Figure 4. Impact of CRISPR/Cas9 mutations on miRNA processing.

(A) Schematic representation of a pri-miRNA hairpin highlighting the position of important secondary structures and sgRNA-mediated mutagenesis sites. (B) Computational analysis of predicted RNA hairpin structures of wild type and mutant miRNA genome sequences analyzed. Percentile is indicative of the number of miRNA mutants falling in the indicated categories compared to the wild type structures. (C) Schematic representation of zebrafish miRNA biogenesis assay (top). Northern blot of miR-125 mature sequence expression obtained upon biogenesis assay of miR-125-a1, -a2, -b1, -b2 and -b3 mutants and wild type pri-miRNA genes (bottom). (D) Chart shows the quantification (pixel intensity) of northern blots in (C) normalized to the respective total RNA and the ectopic expression of wild type pri-miRNA injection. (E) Predicted RNA structure obtained with the ViennaRNA Software Package2 miRBase v21³⁶ of the wild type and mutant sequence.
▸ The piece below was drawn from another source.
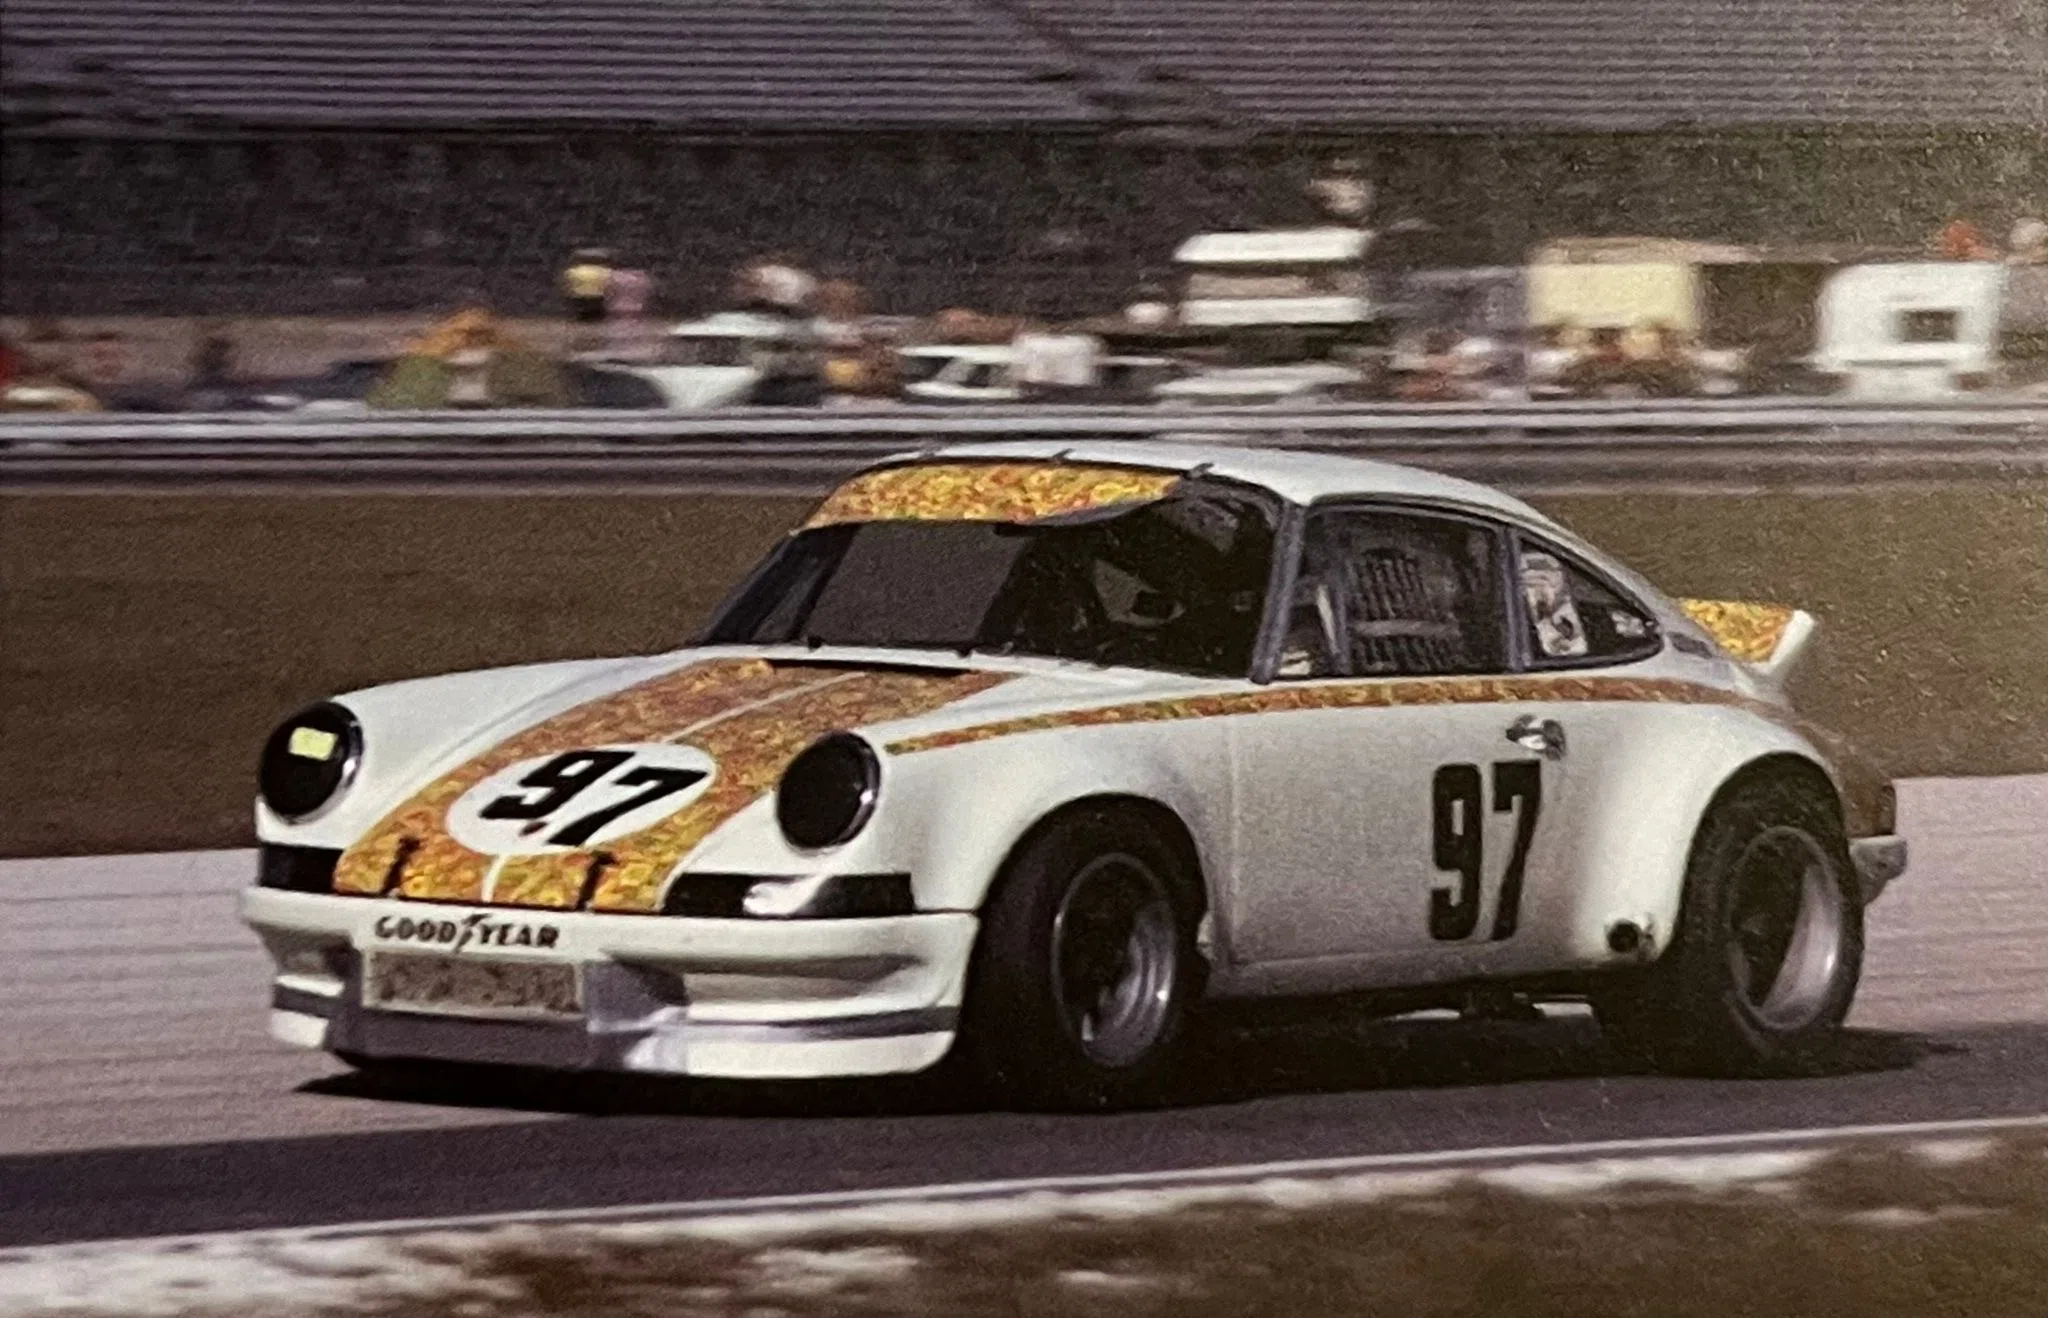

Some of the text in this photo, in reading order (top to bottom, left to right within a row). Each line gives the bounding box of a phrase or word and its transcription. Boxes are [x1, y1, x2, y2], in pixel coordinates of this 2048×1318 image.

[479, 750, 708, 847] 97
[1429, 761, 1541, 941] 97
[375, 913, 560, 952] GOODYEAR
Colored in red are the sequences of the respective mature miRNAs. (F) Average level of mature miRNA expression of the indicated miRNAs. qRT-PCRs were performed on adult fin clipped F2 miRNA founders genotyped accordingly (n = 3). Bar plots show mean + S.E.M. and significance calculations were relative to wild type embryos. n.s. (not significant, p > 0.05).